While exploring the pre-technological world of Midgarth, Aristide discovers a plot that threatens to shake the multiverse to its foundations, a sinister enemy intent on laying all humanity in his thrall. Aristide must surmount war, plague, death, the loss of love, and cosmic havoc in order to finally confront the enemy, whose secret brings all reality into questions . . .
PUBLISHERS WEEKLY
In this grandly scaled space opera from bestseller Williams (Hardwired), swashbuckling computer scientist Aristide explores pretechnological "pocket" universes in search of interesting "implied spaces," the unintended regions that come into existence between deliberately designed structures.

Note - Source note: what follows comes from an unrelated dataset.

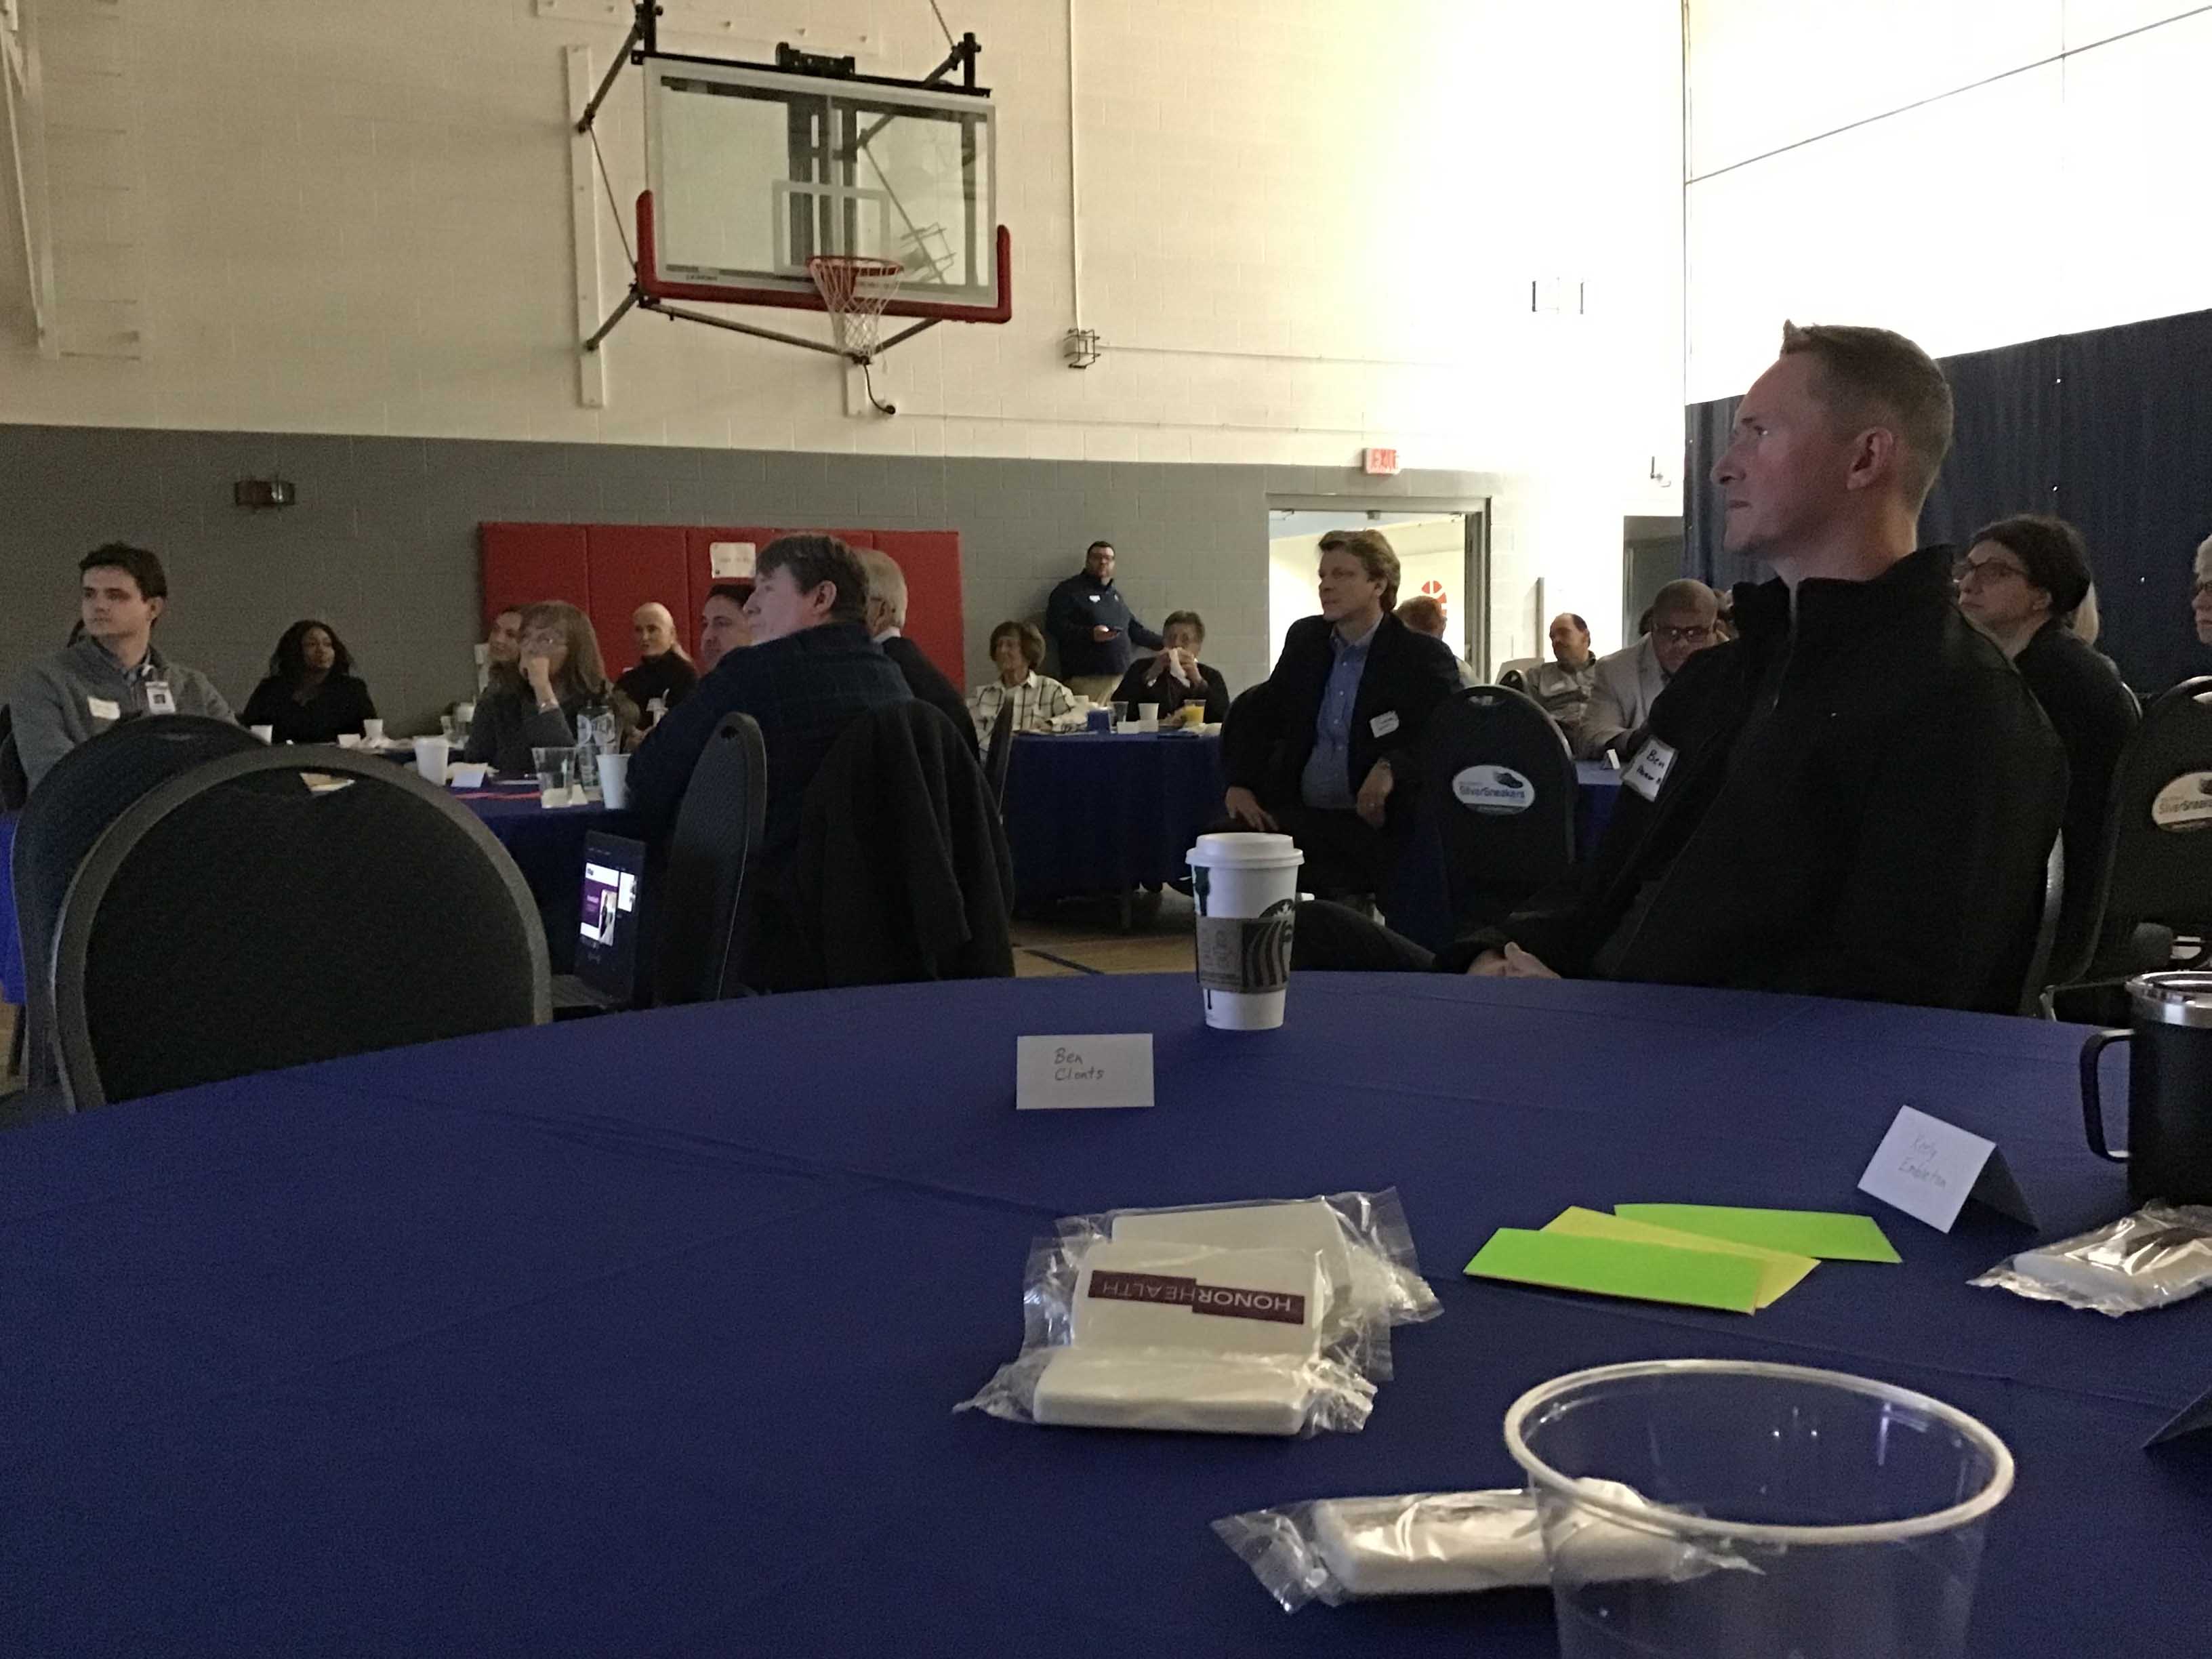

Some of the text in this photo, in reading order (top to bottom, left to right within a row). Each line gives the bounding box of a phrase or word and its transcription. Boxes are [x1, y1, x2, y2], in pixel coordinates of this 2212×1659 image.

Then he uncovers evidence of a dark collective that's kidnapping people and sending them to pockets where a virus co-opts their minds and turns them into willing spies and assassins. Evidence implicates one of the Eleven planet-sized quantum computers, somehow corrupted in spite of its "Asimovian safeguards." Armed with a wormhole-edged broadsword and accompanied by his sidekick, Bitsy, an avatar of one of the Eleven in the form of a talking cat, Aristide finds himself hunted, brainwashed, killed and resurrected more than once before he learns the truth. Williams tells the tale with enthusiasm and a crisp, dry wit well suited to this entertaining blend of high adventure, intrigue and postsingularity technology.